Im neuen Roman von Anne Weber, der Trägerin des Deutschen Buchpreises 2020, passiert eigentlich so gut wie nichts. Und trotzdem wird er auf keiner der dreihundert Seiten langweilig. Die gesamte Handlung des Romans besteht aus endlosen Streifzügen der Erzählerin durch die Banlieues von Paris, die Vorstädte mit den endlosen Hochhaussiedlungen, die so oft für negative Schlagzeilen sorgen. Wie so viele Bewohnerinnen und Bewohner der französischen Hauptstadt, die innerhalb des Autobahnrings leben, hat sie diese Banlieues noch so gut wie nie betreten. Höchstens durchkreuzte sie sie einmal auf dem Weg zum Flughafen. Als ihr alter Freund Thierry jedoch den Auftrag erhält, in einem Film die großen Veränderungen zu dokumentieren, die die Olympischen Spiele 2024 in diesen dicht besiedelten Gebieten nach sich ziehen werden, ändert sich dies. Sie entscheidet sich ihn auf seinen langen Recherchewanderungen zu begleiten. Und irgendwann kommt sie dabei zur Überzeugung, dass diese Recherchen nicht nur in einem Film, sondern auch in einem Roman enden sollten. In diesem beschreibt sie die Gebäude, die Siedlungen und die Menschen.

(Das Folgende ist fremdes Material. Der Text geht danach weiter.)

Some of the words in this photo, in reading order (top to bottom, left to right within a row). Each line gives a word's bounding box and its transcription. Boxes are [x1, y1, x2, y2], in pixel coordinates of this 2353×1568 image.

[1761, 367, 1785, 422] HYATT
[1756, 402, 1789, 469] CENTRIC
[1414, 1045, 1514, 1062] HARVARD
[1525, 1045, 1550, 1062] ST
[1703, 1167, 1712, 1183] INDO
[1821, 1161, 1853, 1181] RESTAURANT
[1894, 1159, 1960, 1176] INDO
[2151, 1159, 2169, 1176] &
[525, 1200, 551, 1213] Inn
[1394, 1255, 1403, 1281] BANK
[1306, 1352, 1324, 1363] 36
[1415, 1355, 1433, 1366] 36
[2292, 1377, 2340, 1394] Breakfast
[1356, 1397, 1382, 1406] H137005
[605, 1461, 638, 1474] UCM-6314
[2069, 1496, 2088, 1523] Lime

Theirry, ein Mann wohl in seinen Fünfzigern, ist in den Banlieues aufgewachsen und algerischer Abstammung. Aus diesem Gegensatz zur gutbürgerlichen deutsch-französischen Erzählerin (Ähnlichkeiten mit der Autorin sind wohl nicht zufällig) gewinnt der Roman sein Potential. Über Erzählungen Thierrys erfahren die Leserinnen und Leser von den Veränderungen der letzten Jahrzehnte in den Vorstadtsiedlungen, leider oft nicht in die positive Richtung. Ebenso ergibt sich immer wieder ein Blick auf die Geschichte der Menschen aus Nordafrika in Frankreich. Die Dialoge der beiden Protagonisten geben dem Buch seine Würze. Anne Weber erweist sich hier wieder einmal als Meisterin der feinen und pointierten Schreibweise. Mit viel Ironie nehmen sich der Filmemacher und die Schriftstellerin gegenseitig auf die Schippe und zeigen so die jeweiligen Vorurteile auf. Hier bleibt zu hoffen, dass alle Leserinnen und Leser die Ironie und Persiflage verstehen und nicht auf die Idee kommen, jede zynische Bemerkung für eine entsprechende Meinungsäußerung zu halten.

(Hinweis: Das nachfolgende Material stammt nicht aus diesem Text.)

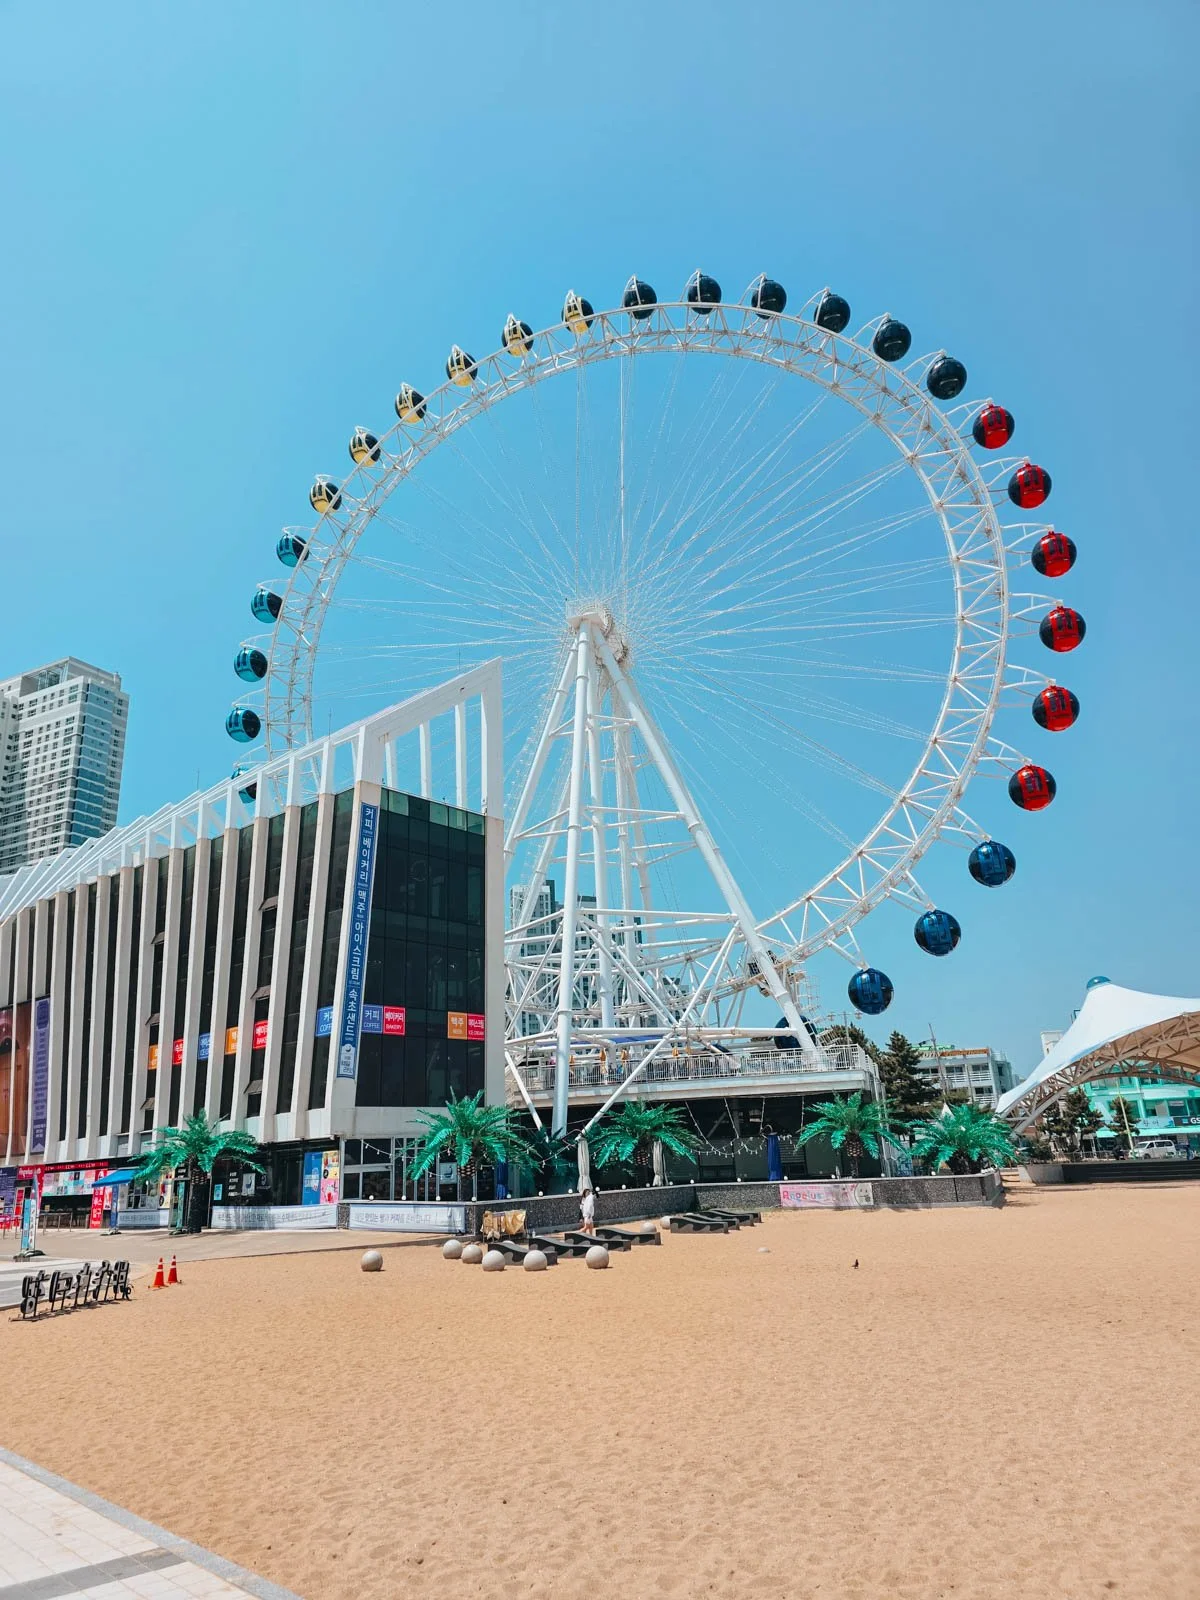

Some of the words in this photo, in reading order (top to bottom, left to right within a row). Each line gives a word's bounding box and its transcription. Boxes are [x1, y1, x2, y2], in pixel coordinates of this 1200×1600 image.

[365, 807, 375, 830] 커피
[359, 837, 372, 883] 베이커리
[356, 890, 367, 914] 맥주
[351, 922, 364, 980] 아이스크림
[344, 988, 359, 1037] 속초샌드
[364, 1009, 380, 1021] 커피

„Bannmeilen“ ist ein Reiseführer in eine Welt, die den meisten von uns unbekannt sein dürfte. An vielen Stellen regt das Buch zum Nachdenken an, an manchen Punkten erschüttert es beinahe. Beispielsweise, wenn lakonisch erzählt wird, wie es gerade eine Straßenseite ist, die eine Siedlung mit feinen Häuschen von einem abrissreifen Hochhaus trennt, in denen sich Menschen ohne Einkommen und Perspektive mehr oder weniger legal aufhalten. Immer wieder stellt man sich beim Lesen die Frage, wo in diesem Buch die Erzählung aufhört und wo die Fiktion beginnt. Diese Frage muss nicht im Detail beantwortet werden, die wesentlichen Elemente des Romans könnten wohl ebenso auf den Reportageseiten großer Tageszeitungen stehen.
Der Roman erweitert den Blick auf die Banlieues, den die beeindruckenden Fotos von Jean-Michel Landon in der Fotoausstellung „La vie des blocs“ in den Reiss-Engelhorn-Museen in der Saison 2023/2024 freigaben. Fast könnte man von einem Buch zur Ausstellung sprechen, wobei die Fotografien von Landon etwas mehr Optimismus ausstrahlten als der Roman. „Bannmeilen“ ist aber auch eine gute Erklärung für all jene, die nachvollziehen wollen, wieso Paris so viel Hoffnung in seine Olympischen Spiele 2024 legt. Nichts weniger als eine Transformation von Teilen der Vorstädte wird erwartet.
„Bannmeilen – Ein Roman in Streifzügen“ von Anne Weber ist erschienen bei Matthes & Seitz Berlin, 301 Seiten, 25 Euro.